TORONTO, ON - OCTOBER 04: J.J. Hardy #2 of the Baltimore Orioles reacts after striking out in the fifth inning against the Toronto Blue Jays during the American League Wild Card game at Rogers Centre on October 4, 2016 in Toronto, Canada. (Photo by Tom Szczerbowski/Getty Images)

It did not even take a full squad workout to prevent Baltimore Orioles shortstop J.J. Hardy from being able to participate.

Orioles Need To Be Cautious With J.J. Hardy

The 34-year-old shortstop will be out of action “until at least early March” with back spasms that have been lingering for a few weeks. Hardy initially tweaked his back three weeks ago before the “Orioles FanFest” event in Baltimore. He was hoping that the spasms would stop by the time spring training began, but that does not appear to be the case. Now, the Orioles are keeping Hardy on the shelf until he feels ready to come back from this latest injury to his back.

Hardy has dealt with back problems for a few years now. In 2014, Hardy suffered spasms at the beginning of the season. He was able to avoid the disabled list, but he dealt with severe back pain for the rest of the season. According to Hardy, last year was the first offseason in which he has not had any back concerns. The fact that they are happening again is a red flag, and the Orioles cannot rush Hardy back.

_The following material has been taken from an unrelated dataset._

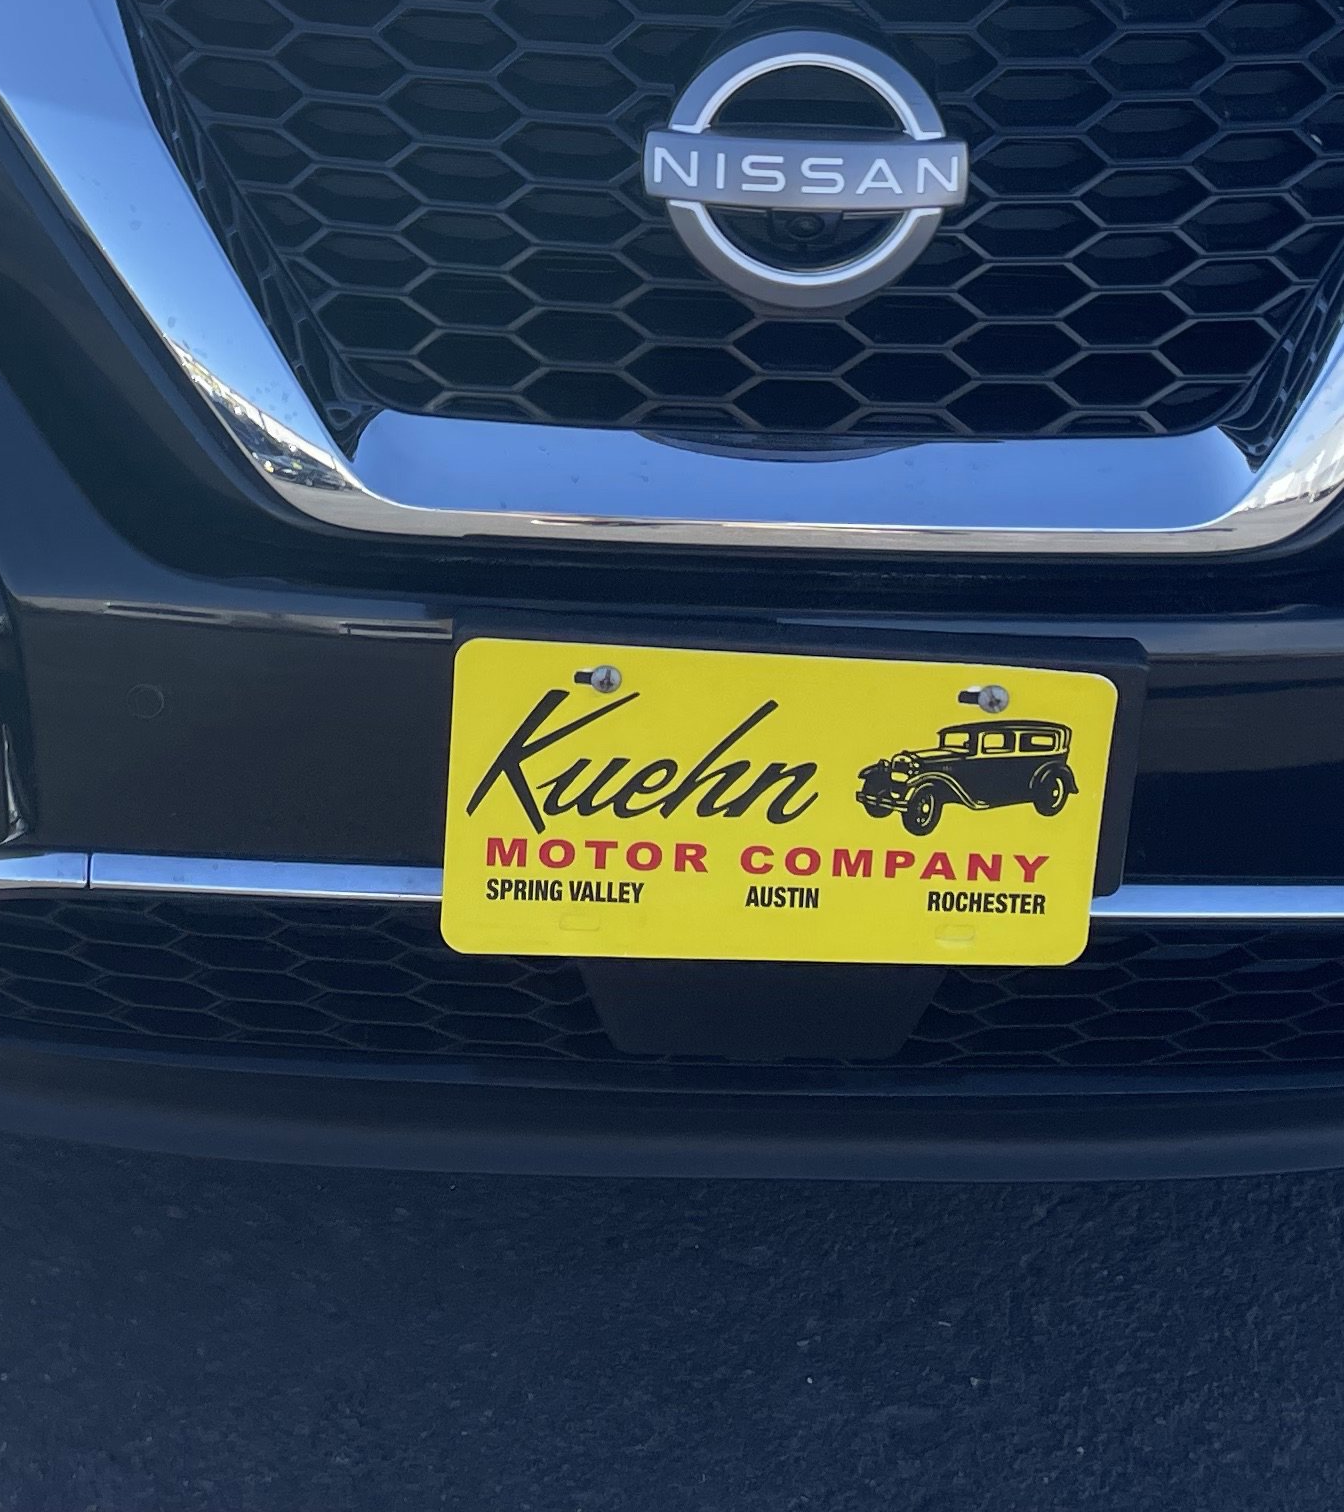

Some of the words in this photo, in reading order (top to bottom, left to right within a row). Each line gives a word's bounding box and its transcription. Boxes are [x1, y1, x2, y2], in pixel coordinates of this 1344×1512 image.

Hardy has been a valuable asset for the Orioles for a long time. Since coming to Baltimore after the 2010 season, he made it to the All Star Game and won three Gold Gloves. In his six Orioles seasons, he has 799 hits and 103 home runs. Not only that, but he has acted as the veteran role model for Baltimore’s young infielders – Manny Machado and Jonathan Schoop. Machado and Schoop are incredible young players, but Hardy’s tutelage has served them well since coming up from the minor leagues.

With all of that being said, it is no secret that father time is undefeated. In 2014, the year that Hardy dealt with back pain all season, he hit just nine home runs, the first time he hit under 10 with the Orioles. In 2015, Hardy missed the first month of the season with a torn labrum in his left shoulder. He finished that season with a .219 average with just eight home runs. In a game on May 1 last season, he fouled a ball off his foot and suffered a hairline fracture, which caused him to miss a chunk of the season for the second year in row. Hardy’s bat was better in 2016, as he slashed .269/.309/.407, but once again he finished with under 10 homers (9).

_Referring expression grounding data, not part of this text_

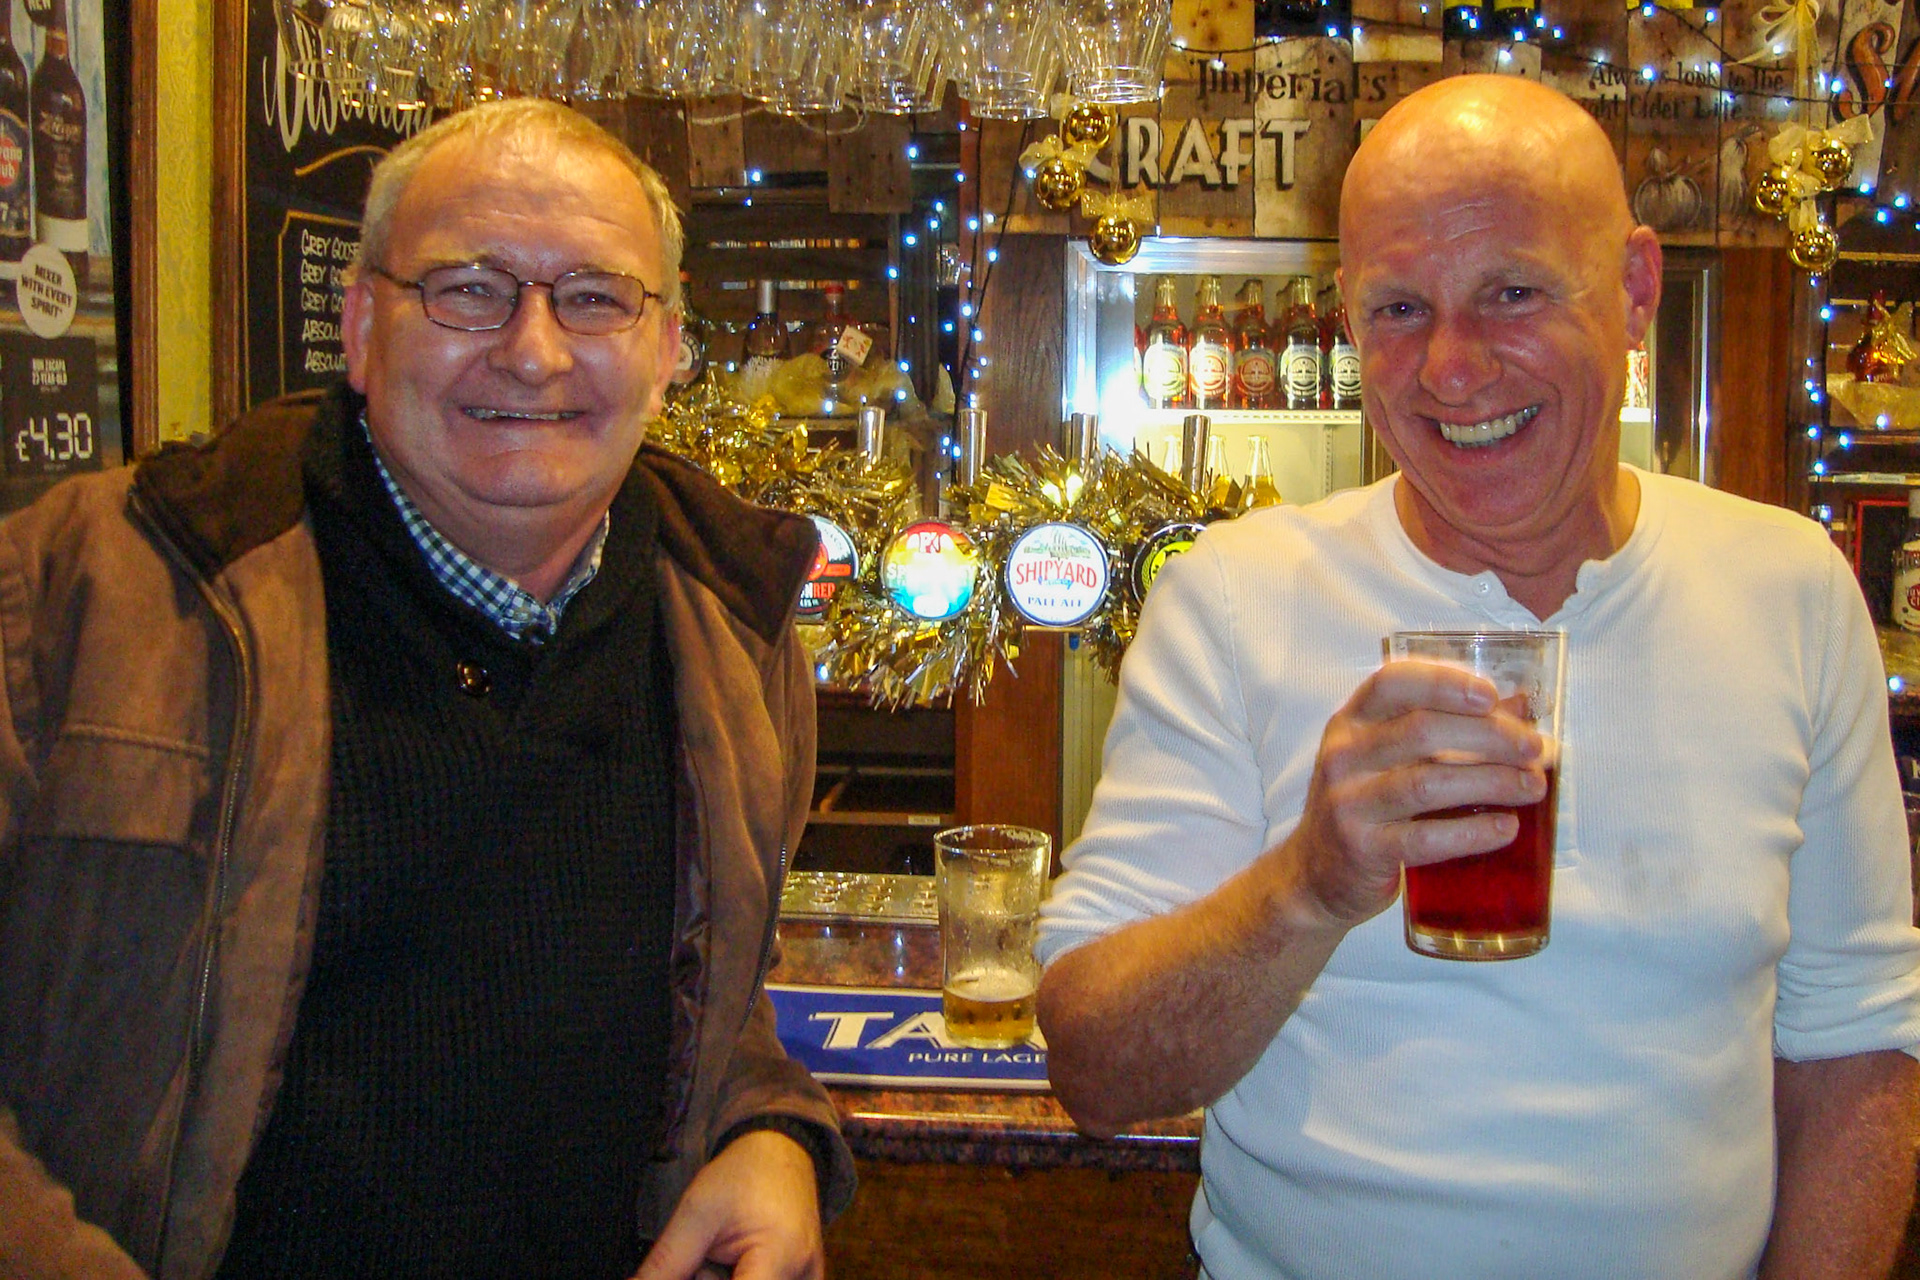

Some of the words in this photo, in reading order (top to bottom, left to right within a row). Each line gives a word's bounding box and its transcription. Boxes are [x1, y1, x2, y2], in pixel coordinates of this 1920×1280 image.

[301, 228, 331, 257] GREY
[35, 264, 62, 286] MIXER
[300, 258, 326, 283] GREY
[21, 274, 44, 294] WITH
[45, 285, 72, 308] EVERY
[301, 287, 327, 313] GREY
[15, 413, 93, 461] £4.30
[1016, 560, 1097, 588] SHIPYARD
[908, 1052, 974, 1063] PURE
[982, 1052, 1046, 1063] LAGE

Hardy is still capable of producing solid at-bats, but the power is clearly gone and he should be no higher than eighth in the lineup. When healthy, he is still the clear-cut leader of Baltimore’s infield, but his body has been wearing down for the past three seasons. It would be acceptable to assume that this could be his last season before retirement.

With Hardy’s status being uncertain as the Orioles begin to play spring training games, they will have to look for players that can step in if necessary. Machado is a natural shortstop, so if Hardy begins the season on the DL he can slide over. That would most likely result in utility player Ryan Flaherty stepping in at third base. The Orioles have also used Chris Davis, normally the team’s first baseman, at third base before. Should Davis play third, look for Mark Trumbo or Flaherty to fill in at first base.

The Orioles have depth in the infield, but manager Buck Showalter would prefer to have his starting guys out there. Hardy is an aging player and even if he is back healthy for opening day, he should get a set amount of days off, such as a day game taking place after a night game. Hardy is without a doubt a crucial veteran presence to have in the club house, but the Orioles need to be careful with him as he attempts to come back from the back spasms.